Between 1868 and 1870, Mark Twain traveled more than 40,000 miles by rail, dutifully buying accident insurance all the while, and never had a mishap. Each morning he bought an insurance ticket, thinking that fate must soon catch up with him, and each day he escaped without a scratch. Eventually “my suspicions were aroused,” he wrote, “and I began to hunt around for somebody that had won in this lottery. I found plenty of people who had invested, but not an individual that had ever had an accident or made a cent. I stopped buying accident tickets and went to ciphering. The result was astounding. The peril lay not in traveling, but in staying at home.”
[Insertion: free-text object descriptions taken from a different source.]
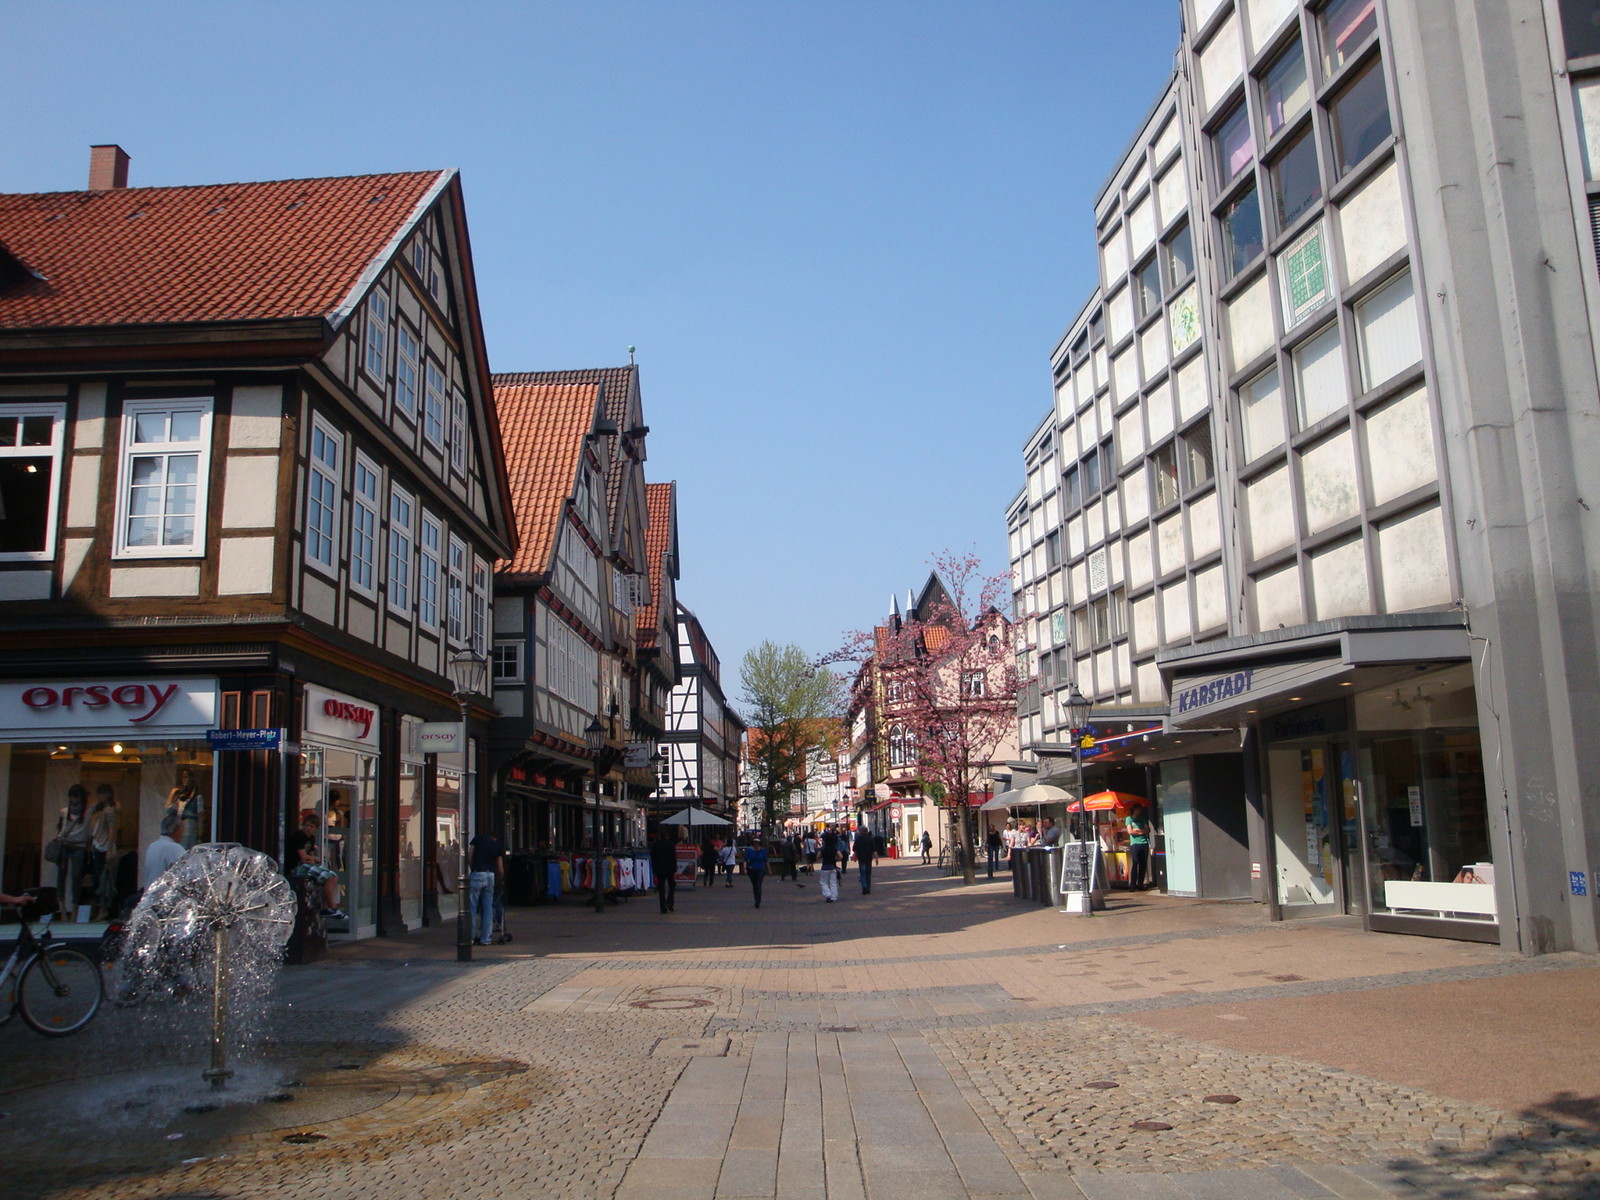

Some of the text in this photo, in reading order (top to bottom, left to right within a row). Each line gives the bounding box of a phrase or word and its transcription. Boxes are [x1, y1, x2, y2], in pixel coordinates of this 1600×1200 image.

[22, 684, 178, 722] orsay
[1179, 669, 1254, 713] KARSTADT
[210, 730, 276, 740] Robert-Meyer-Platz
[324, 699, 374, 738] orsay
[421, 733, 456, 743] orsay
He calculated that American railways moved more than 2 million people each day, sustaining 650 million journeys per year, but that only 1 million Americans died each year of all causes: “Out of this million ten or twelve thousand are stabbed, shot, drowned, hanged, poisoned, or meet a similarly violent death in some other popular way, such as perishing by kerosene lamp and hoop-skirt conflagrations, getting buried in coal mines, falling off housetops, breaking through church or lecture-room floors, taking patent medicines, or committing suicide in other forms. The Erie railroad kills from 23 to 46; the other 845 railroads kill an average of one-third of a man each; and the rest of that million, amounting in the aggregate to the appalling figure of nine hundred and eighty-seven thousand six hundred and thirty-one corpses, die naturally in their beds!”
The answer, then, is to avoid beds. “My advice to all people is, Don’t stay at home any more than you can help; but when you have got to stay at home a while, buy a package of those insurance tickets and sit up nights. You cannot be too cautious.”
(Mark Twain, “The Danger of Lying in Bed,” The Galaxy, February 1871.)